**Your assignment**
The reply must repeat each entry exactly and contain no pictures.

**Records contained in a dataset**
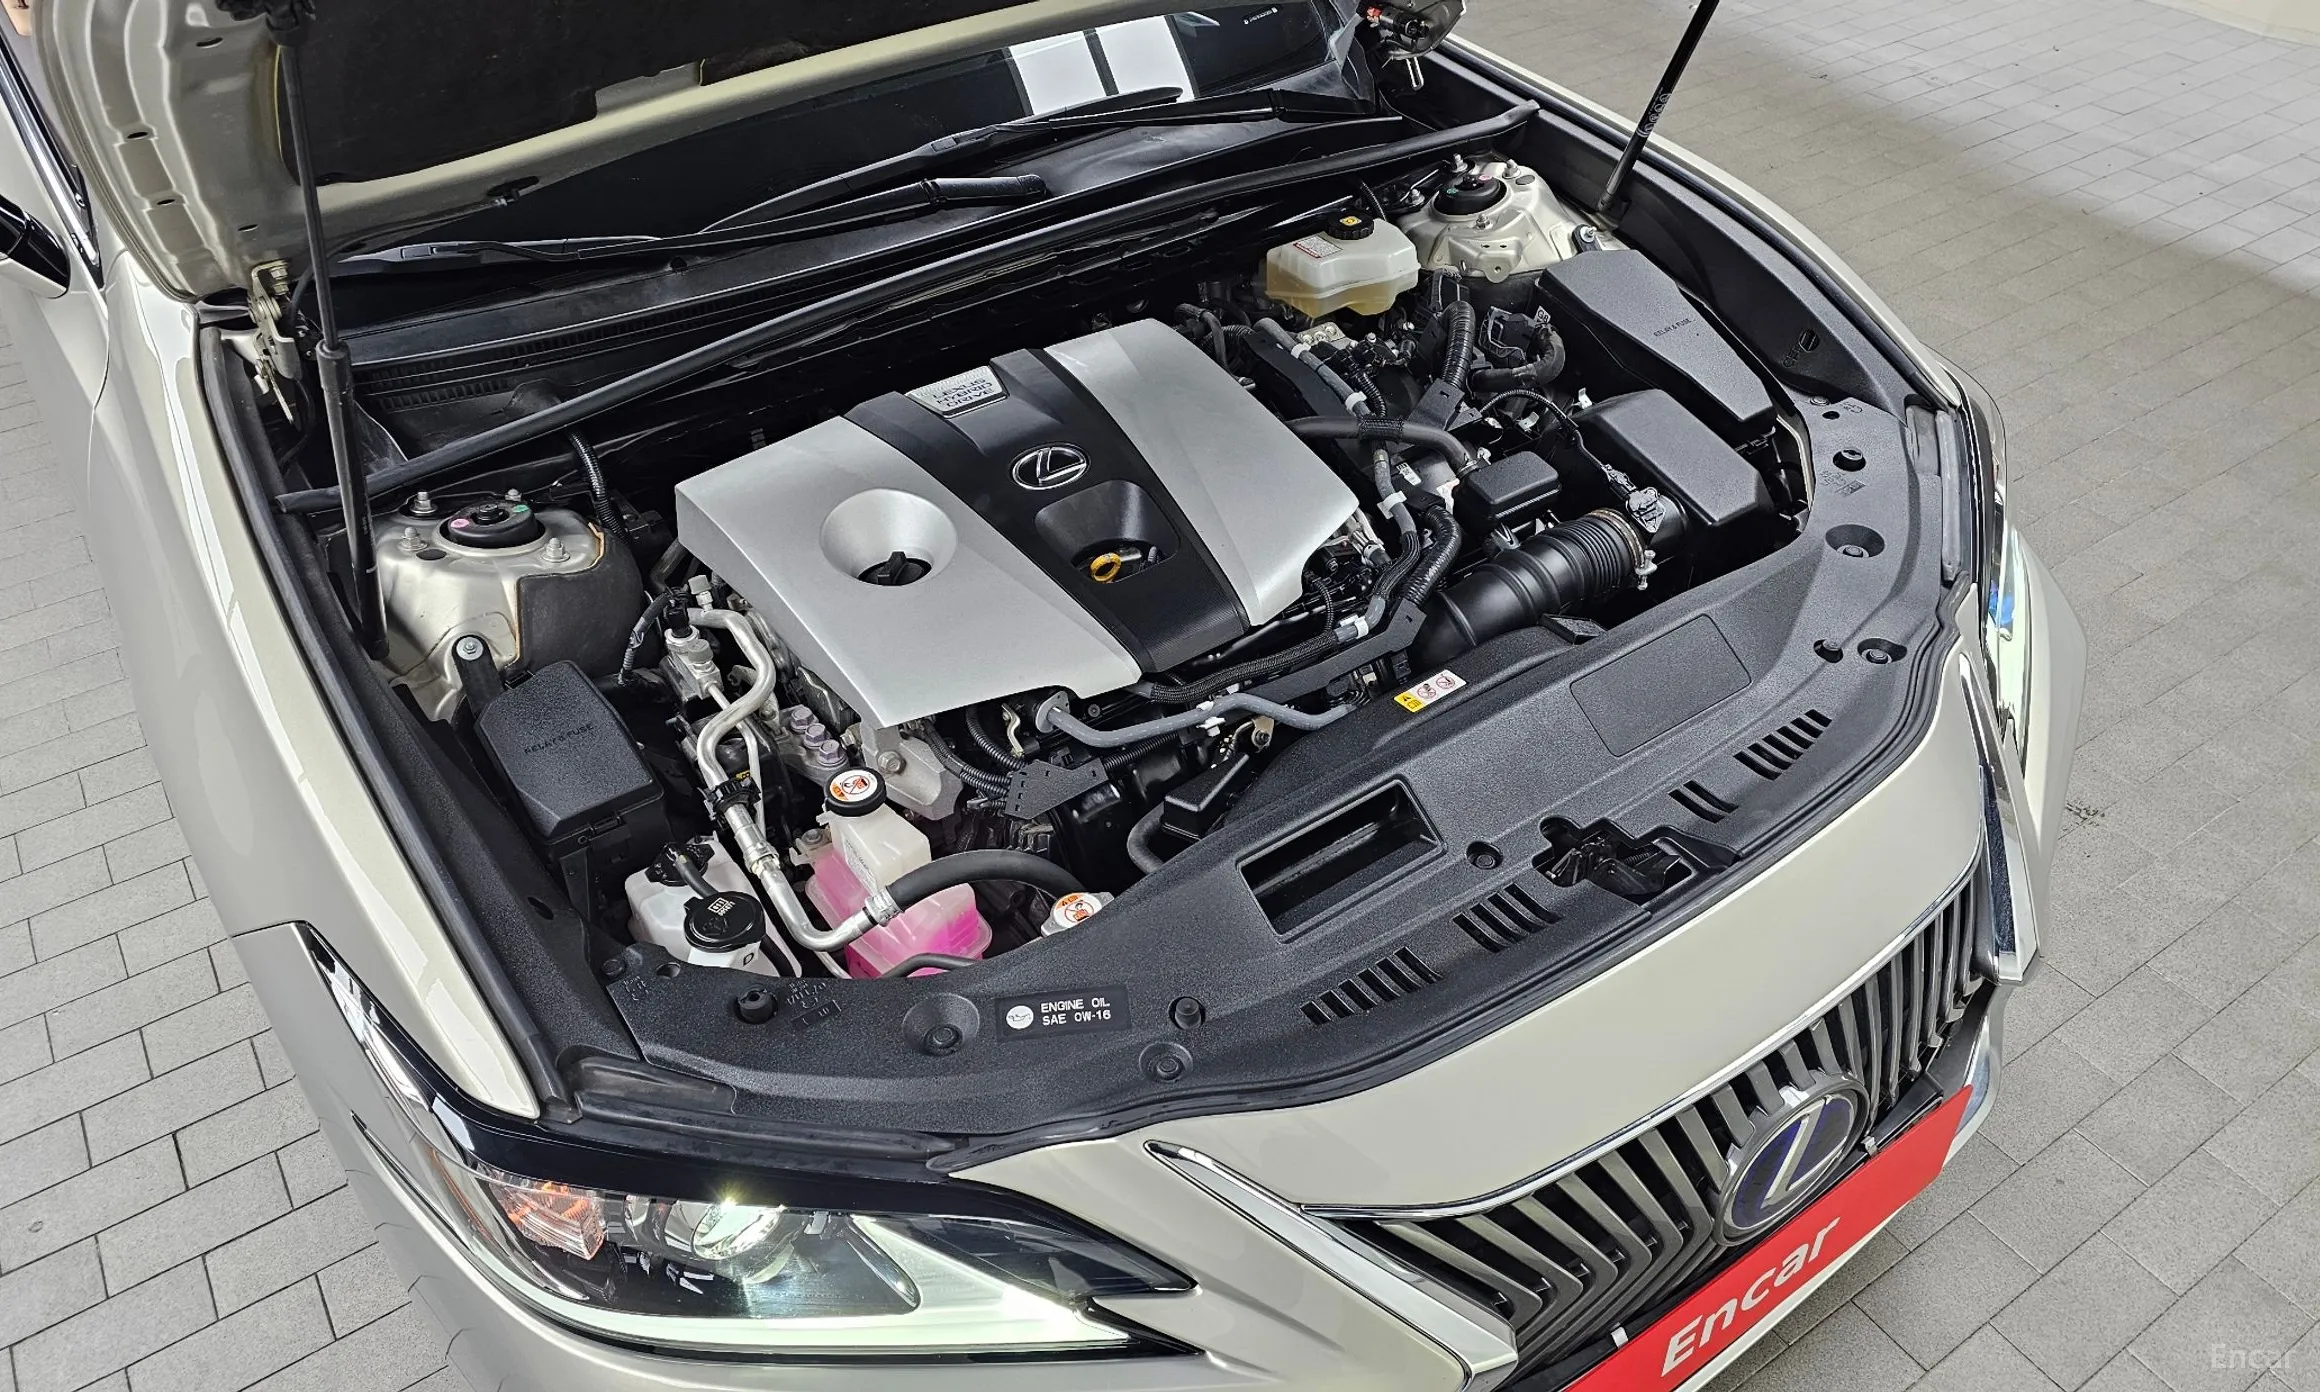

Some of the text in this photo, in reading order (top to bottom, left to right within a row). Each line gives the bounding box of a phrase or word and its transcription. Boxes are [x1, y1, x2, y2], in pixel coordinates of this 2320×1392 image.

[932, 378, 987, 399] LEXUS
[936, 382, 994, 404] HYBRID
[946, 387, 996, 408] DRIVE
[1040, 997, 1111, 1014] ENGINE OIL
[1042, 1013, 1067, 1026] SAE
[1660, 1216, 1841, 1378] Encar

**The answer**
Some of the text in this photo, in reading order (top to bottom, left to right within a row). Each line gives the bounding box of a phrase or word and its transcription. Boxes are [x1, y1, x2, y2], in pixel coordinates of this 2320×1392 image.

[932, 378, 987, 399] LEXUS
[936, 382, 994, 404] HYBRID
[946, 387, 996, 408] DRIVE
[1040, 997, 1111, 1014] ENGINE OIL
[1042, 1013, 1067, 1026] SAE
[1660, 1216, 1841, 1378] Encar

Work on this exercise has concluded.